Every record below is to be repeated exactly, with the pictures left out.
─── EXCERPTED DATA
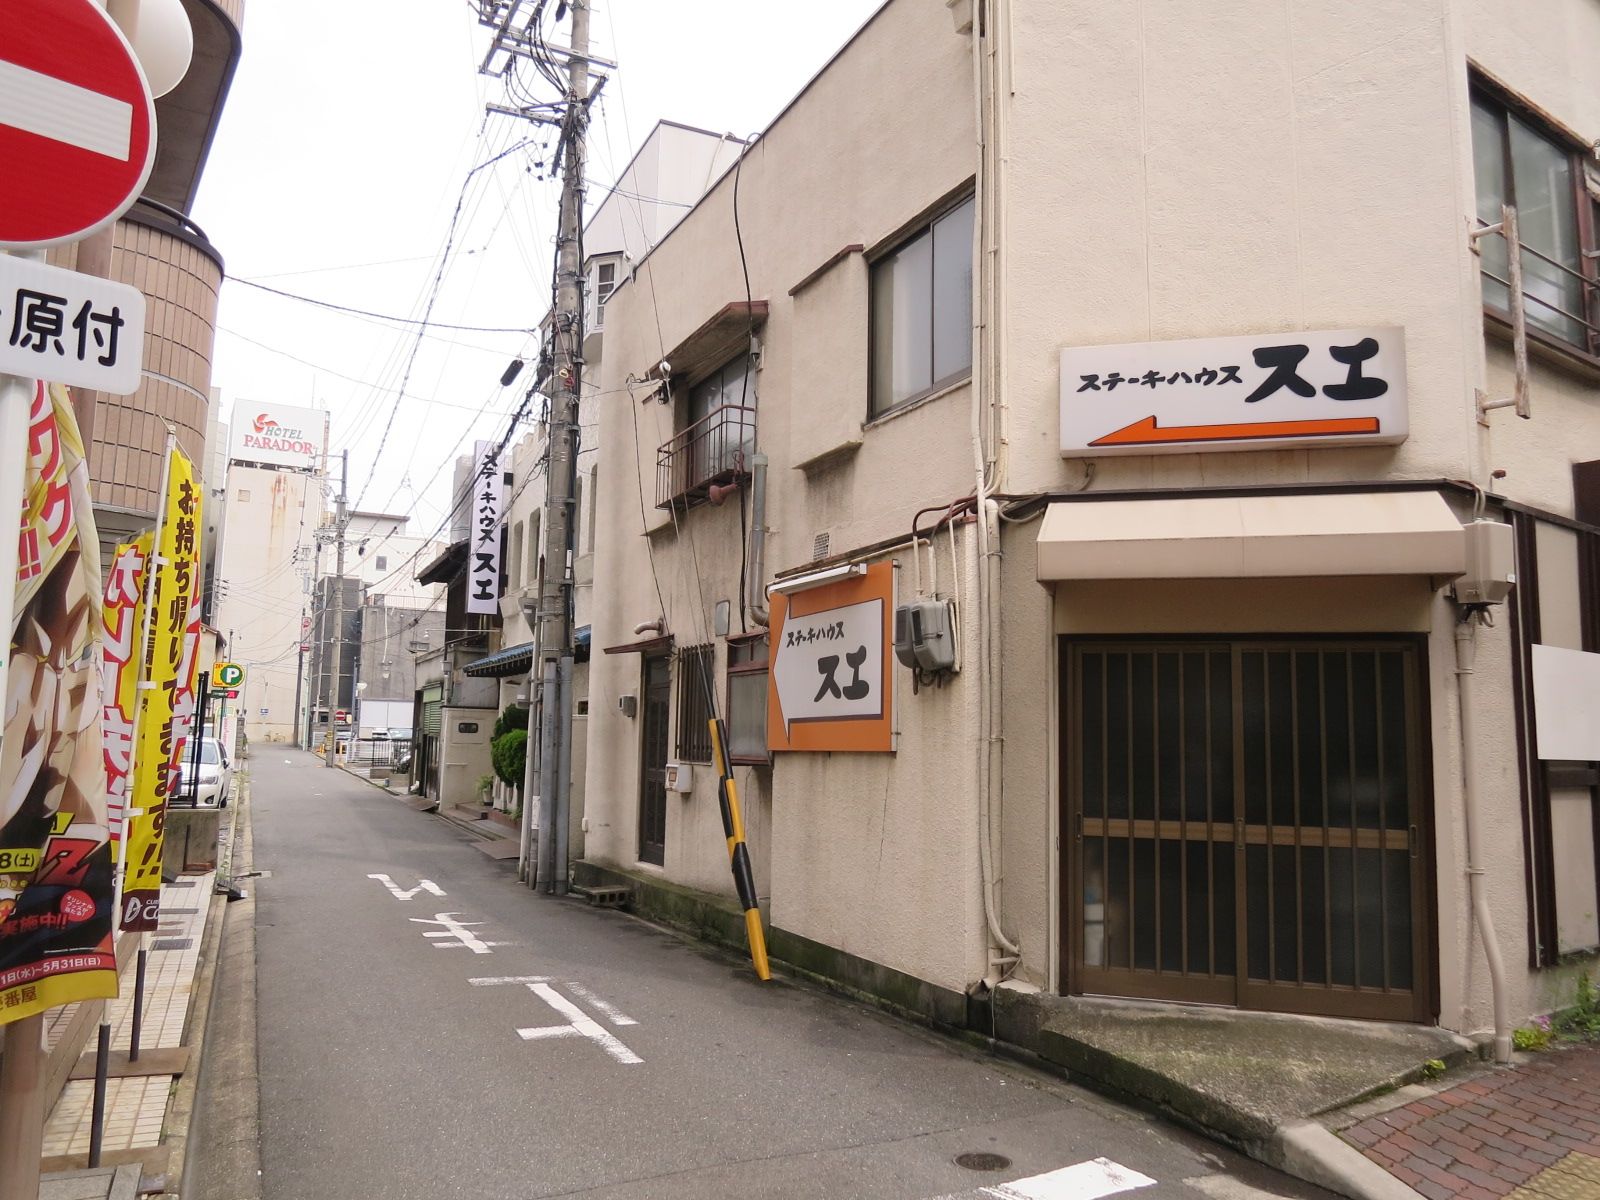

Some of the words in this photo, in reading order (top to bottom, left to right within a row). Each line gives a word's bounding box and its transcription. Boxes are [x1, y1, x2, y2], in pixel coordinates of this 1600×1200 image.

[9, 288, 125, 366] 原付
[1076, 365, 1243, 393] ステーキハウス
[1244, 337, 1389, 403] スエ
[243, 434, 314, 455] PARADOR
[265, 426, 303, 440] HOTEL
[477, 454, 498, 543] ステーキハウス
[472, 552, 497, 600] スエ
[786, 621, 845, 648] ステーキハウス
[226, 667, 240, 683] P
[814, 645, 870, 703] スエ
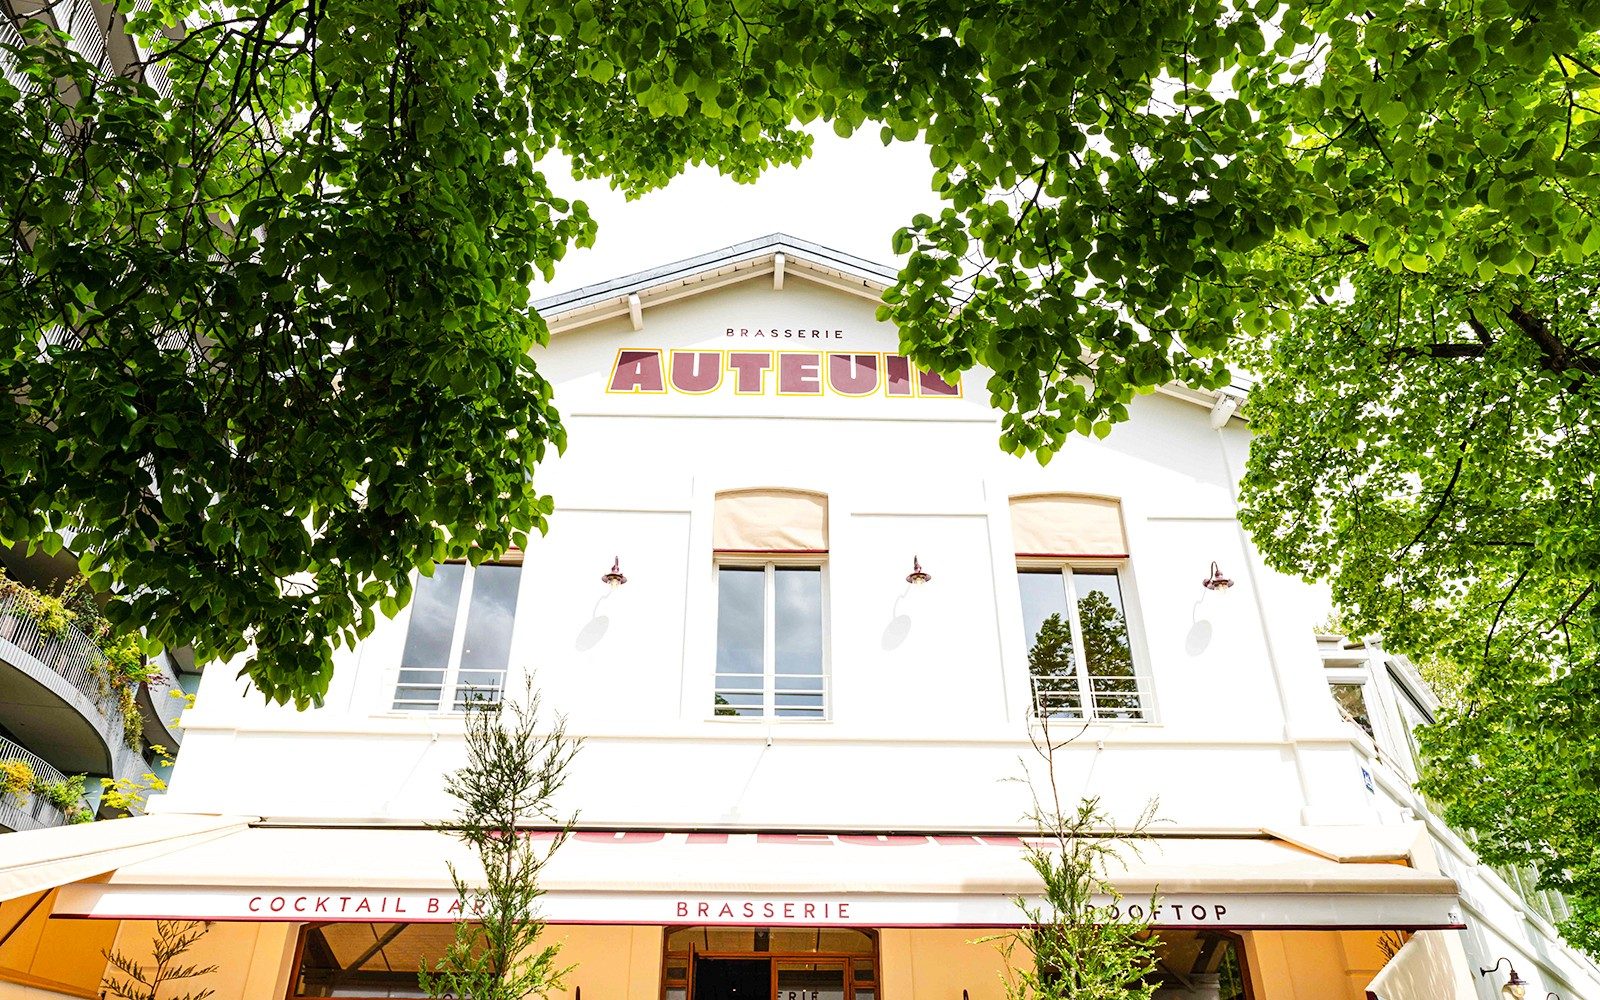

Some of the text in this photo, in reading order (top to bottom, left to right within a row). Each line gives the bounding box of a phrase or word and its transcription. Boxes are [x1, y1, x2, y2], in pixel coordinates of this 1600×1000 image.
──────
- TASK OUTPUT:
Some of the words in this photo, in reading order (top to bottom, left to right within a row). Each line gives a word's bounding box and its transcription. Boxes are [x1, y1, x2, y2], in pixel coordinates of this 1600×1200 image.

[9, 288, 125, 366] 原付
[1076, 365, 1243, 393] ステーキハウス
[1244, 337, 1389, 403] スエ
[243, 434, 314, 455] PARADOR
[265, 426, 303, 440] HOTEL
[477, 454, 498, 543] ステーキハウス
[472, 552, 497, 600] スエ
[786, 621, 845, 648] ステーキハウス
[226, 667, 240, 683] P
[814, 645, 870, 703] スエ

Some of the text in this photo, in reading order (top to bottom, left to right within a row). Each line gives the bounding box of a phrase or word and its transcription. Boxes are [x1, y1, x2, y2], in pixel coordinates of this 1600×1000 image.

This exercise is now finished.